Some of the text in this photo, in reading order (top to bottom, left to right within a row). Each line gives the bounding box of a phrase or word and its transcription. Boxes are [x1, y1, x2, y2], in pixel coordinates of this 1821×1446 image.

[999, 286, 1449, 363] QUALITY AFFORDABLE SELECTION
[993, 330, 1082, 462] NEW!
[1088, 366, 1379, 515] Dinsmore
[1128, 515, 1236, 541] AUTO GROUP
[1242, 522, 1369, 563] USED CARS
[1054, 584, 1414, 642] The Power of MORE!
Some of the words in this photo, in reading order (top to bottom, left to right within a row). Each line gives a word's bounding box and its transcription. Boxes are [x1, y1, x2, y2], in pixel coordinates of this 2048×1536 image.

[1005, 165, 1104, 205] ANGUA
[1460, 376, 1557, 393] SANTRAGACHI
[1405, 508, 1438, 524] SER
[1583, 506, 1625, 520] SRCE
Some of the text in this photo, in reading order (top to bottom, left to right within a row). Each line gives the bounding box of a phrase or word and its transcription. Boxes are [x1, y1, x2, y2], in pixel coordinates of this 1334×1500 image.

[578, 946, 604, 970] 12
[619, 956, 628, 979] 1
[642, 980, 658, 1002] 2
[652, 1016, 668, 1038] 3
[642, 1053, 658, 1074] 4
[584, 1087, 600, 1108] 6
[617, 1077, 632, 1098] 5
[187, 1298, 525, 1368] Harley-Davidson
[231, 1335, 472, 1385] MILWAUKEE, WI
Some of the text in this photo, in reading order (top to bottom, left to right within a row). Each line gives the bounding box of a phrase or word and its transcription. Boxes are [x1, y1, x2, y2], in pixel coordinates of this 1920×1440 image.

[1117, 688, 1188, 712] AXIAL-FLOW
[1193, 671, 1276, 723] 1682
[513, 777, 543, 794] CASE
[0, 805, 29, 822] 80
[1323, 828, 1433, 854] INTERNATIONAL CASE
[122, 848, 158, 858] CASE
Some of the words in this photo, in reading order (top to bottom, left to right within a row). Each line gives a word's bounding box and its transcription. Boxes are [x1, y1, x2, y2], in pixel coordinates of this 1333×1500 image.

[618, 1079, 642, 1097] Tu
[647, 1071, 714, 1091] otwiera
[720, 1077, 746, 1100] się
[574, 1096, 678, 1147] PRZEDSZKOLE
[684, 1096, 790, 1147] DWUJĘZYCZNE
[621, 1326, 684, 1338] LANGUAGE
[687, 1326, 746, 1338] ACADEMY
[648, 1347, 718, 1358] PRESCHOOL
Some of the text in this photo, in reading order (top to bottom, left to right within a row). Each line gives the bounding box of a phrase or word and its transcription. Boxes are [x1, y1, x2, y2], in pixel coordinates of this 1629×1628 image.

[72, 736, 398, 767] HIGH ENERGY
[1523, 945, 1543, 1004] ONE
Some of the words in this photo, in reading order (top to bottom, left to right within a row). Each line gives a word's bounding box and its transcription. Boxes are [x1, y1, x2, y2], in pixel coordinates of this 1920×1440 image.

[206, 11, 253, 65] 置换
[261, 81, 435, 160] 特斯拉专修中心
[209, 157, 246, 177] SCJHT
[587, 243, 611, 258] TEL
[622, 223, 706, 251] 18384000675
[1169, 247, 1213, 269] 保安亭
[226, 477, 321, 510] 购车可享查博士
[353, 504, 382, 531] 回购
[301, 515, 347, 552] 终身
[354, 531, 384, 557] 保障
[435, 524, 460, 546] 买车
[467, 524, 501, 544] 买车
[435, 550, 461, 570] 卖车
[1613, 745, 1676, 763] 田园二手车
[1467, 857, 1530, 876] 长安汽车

What you should do: Could you write out all the entries word for word?

Task answer:
Some of the text in this photo, in reading order (top to bottom, left to right within a row). Each line gives the bounding box of a phrase or word and its transcription. Boxes are [x1, y1, x2, y2], in pixel coordinates of this 1821×1446 image.

[999, 286, 1449, 363] QUALITY AFFORDABLE SELECTION
[993, 330, 1082, 462] NEW!
[1088, 366, 1379, 515] Dinsmore
[1128, 515, 1236, 541] AUTO GROUP
[1242, 522, 1369, 563] USED CARS
[1054, 584, 1414, 642] The Power of MORE!
Some of the words in this photo, in reading order (top to bottom, left to right within a row). Each line gives a word's bounding box and its transcription. Boxes are [x1, y1, x2, y2], in pixel coordinates of this 2048×1536 image.

[1005, 165, 1104, 205] ANGUA
[1460, 376, 1557, 393] SANTRAGACHI
[1405, 508, 1438, 524] SER
[1583, 506, 1625, 520] SRCE
Some of the text in this photo, in reading order (top to bottom, left to right within a row). Each line gives the bounding box of a phrase or word and its transcription. Boxes are [x1, y1, x2, y2], in pixel coordinates of this 1334×1500 image.

[578, 946, 604, 970] 12
[619, 956, 628, 979] 1
[642, 980, 658, 1002] 2
[652, 1016, 668, 1038] 3
[642, 1053, 658, 1074] 4
[584, 1087, 600, 1108] 6
[617, 1077, 632, 1098] 5
[187, 1298, 525, 1368] Harley-Davidson
[231, 1335, 472, 1385] MILWAUKEE, WI
Some of the text in this photo, in reading order (top to bottom, left to right within a row). Each line gives the bounding box of a phrase or word and its transcription. Boxes are [x1, y1, x2, y2], in pixel coordinates of this 1920×1440 image.

[1117, 688, 1188, 712] AXIAL-FLOW
[1193, 671, 1276, 723] 1682
[513, 777, 543, 794] CASE
[0, 805, 29, 822] 80
[1323, 828, 1433, 854] INTERNATIONAL CASE
[122, 848, 158, 858] CASE
Some of the words in this photo, in reading order (top to bottom, left to right within a row). Each line gives a word's bounding box and its transcription. Boxes are [x1, y1, x2, y2], in pixel coordinates of this 1333×1500 image.

[618, 1079, 642, 1097] Tu
[647, 1071, 714, 1091] otwiera
[720, 1077, 746, 1100] się
[574, 1096, 678, 1147] PRZEDSZKOLE
[684, 1096, 790, 1147] DWUJĘZYCZNE
[621, 1326, 684, 1338] LANGUAGE
[687, 1326, 746, 1338] ACADEMY
[648, 1347, 718, 1358] PRESCHOOL
Some of the text in this photo, in reading order (top to bottom, left to right within a row). Each line gives the bounding box of a phrase or word and its transcription. Boxes are [x1, y1, x2, y2], in pixel coordinates of this 1629×1628 image.

[72, 736, 398, 767] HIGH ENERGY
[1523, 945, 1543, 1004] ONE
Some of the words in this photo, in reading order (top to bottom, left to right within a row). Each line gives a word's bounding box and its transcription. Boxes are [x1, y1, x2, y2], in pixel coordinates of this 1920×1440 image.

[206, 11, 253, 65] 置换
[261, 81, 435, 160] 特斯拉专修中心
[209, 157, 246, 177] SCJHT
[587, 243, 611, 258] TEL
[622, 223, 706, 251] 18384000675
[1169, 247, 1213, 269] 保安亭
[226, 477, 321, 510] 购车可享查博士
[353, 504, 382, 531] 回购
[301, 515, 347, 552] 终身
[354, 531, 384, 557] 保障
[435, 524, 460, 546] 买车
[467, 524, 501, 544] 买车
[435, 550, 461, 570] 卖车
[1613, 745, 1676, 763] 田园二手车
[1467, 857, 1530, 876] 长安汽车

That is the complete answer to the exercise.